Both colleges and employers favor those who have skills that cannot be taught or are hard to find, which includes global awareness and language skills. Hunter mentioned that “because of [his] experience in China, [he is] looking to minor in Chinese, so hopefully [he] can find a job where [he] can utilize [his] speaking skills and travel back to China one day.” In fact, The Huffpost wrote an article on how studying abroad can increase one’s chances of landing a job, revealing that “[a]ccording to the University of California, 97 percent of students who studied abroad found a job within 12 months after their college graduation.” What a win-win situation, am I right? You get to have the time of your life away and have a higher chance of getting a job upon your return. What a steal! The Huffpost also disclosed that studying abroad leads many people to “adapt quickly to diverse workplaces,” which in the long run helped them “feel more satisfied with their jobs.”


6. You get some amazing photo opportunities.

View of the sunrise over Madrid city from my bedroom window

I know, I lied and gave six reasons instead of five, but think of this as a bonus! Why not shell out 16k for a nice insta pic?? But in all seriousness, you see some super cool things and I am a firm believer in photos and memories being some of the best souvenirs. I wish, oh-so-desperately, that I could include a slideshow of my pictures from my trip. I just love them so so much, but sadly, this is not the place to showcase my amazing photography skills. There are just so many amazing, fascinating things to discover in the world and pictures really do speak a thousand words.

Please do not think that studying abroad is reserved only for those with money because there are so many scholarship and funding opportunities available to help out with the financial aspect. Both Sydney and I were awarded full-ride scholarships for our year away and there are hundreds of students that have been granted money just for the sake of studying abroad. I know specifically with the organization we went with, they have numerous scholarship opportunities for all sorts of students, such as those directed towards LGBTQ+ identifying students, those who wish to study abroad in South America, and students who have great academic standings.

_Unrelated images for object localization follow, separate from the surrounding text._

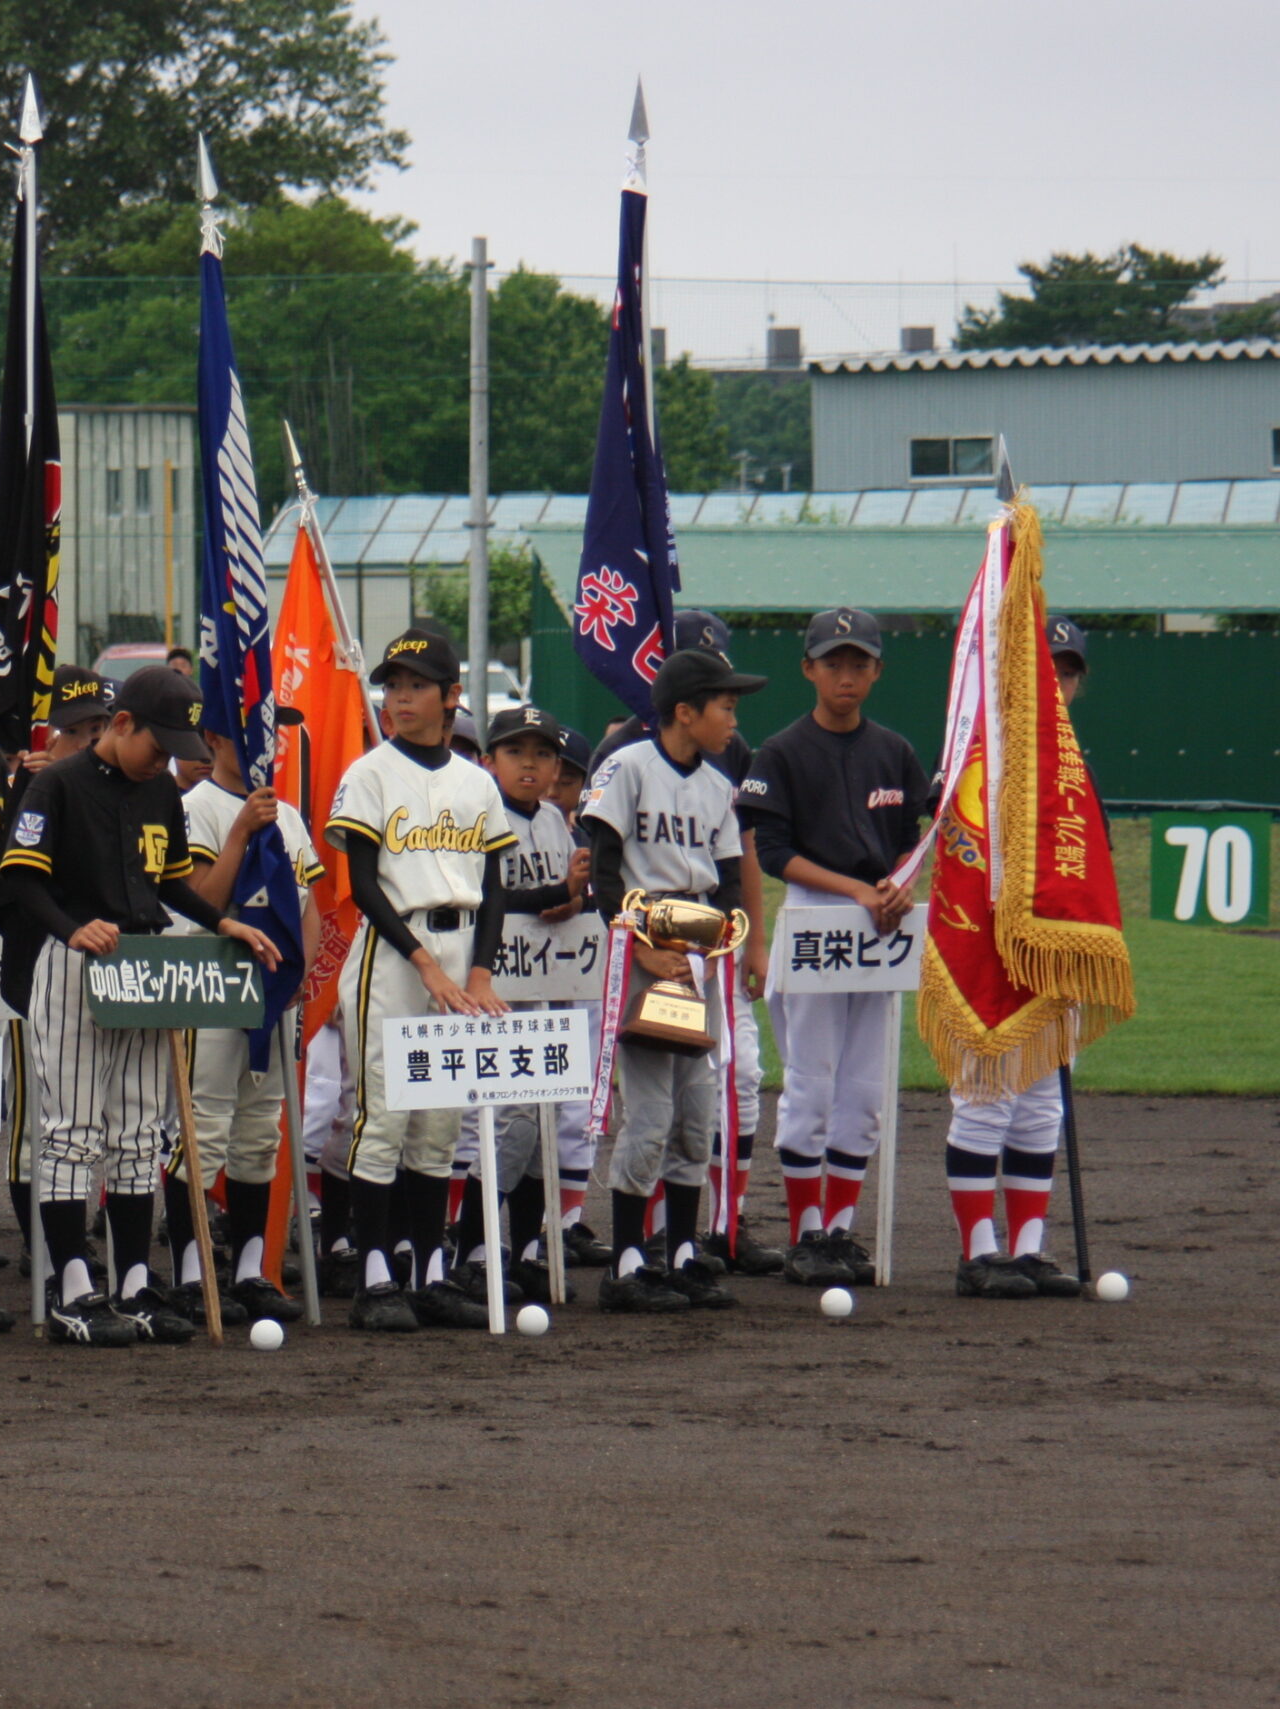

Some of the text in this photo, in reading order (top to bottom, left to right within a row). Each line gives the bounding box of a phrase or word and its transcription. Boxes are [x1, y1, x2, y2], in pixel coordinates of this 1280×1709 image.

[834, 614, 853, 636] S
[1053, 622, 1070, 644] S
[699, 626, 715, 648] S
[62, 680, 99, 701] Sheep
[103, 681, 116, 702] S
[523, 707, 542, 726] E
[1164, 825, 1253, 924] 70
[88, 959, 260, 1004] 中の島ビックタイガース
[400, 1016, 571, 1039] 札幌市少年軟式野球連盟
[406, 1042, 570, 1083] 豊平区支部

If you or anyone you know may be interested in learning more about studying abroad, AFS, our host countries, or just any questions about living away from home, please feel free to reach out to me, Sydney, or Hunter because we would love to help you out in any way possible!

You can reach me via email at halliercole@gmail.com or DM me on Instagram at @halliercole. Hunter can be reached via email at sutjoh3215@ccsdschools.com, and you can reach Sydney via email at syd@sheller.org or via Instagram DMing her at @syd.heller.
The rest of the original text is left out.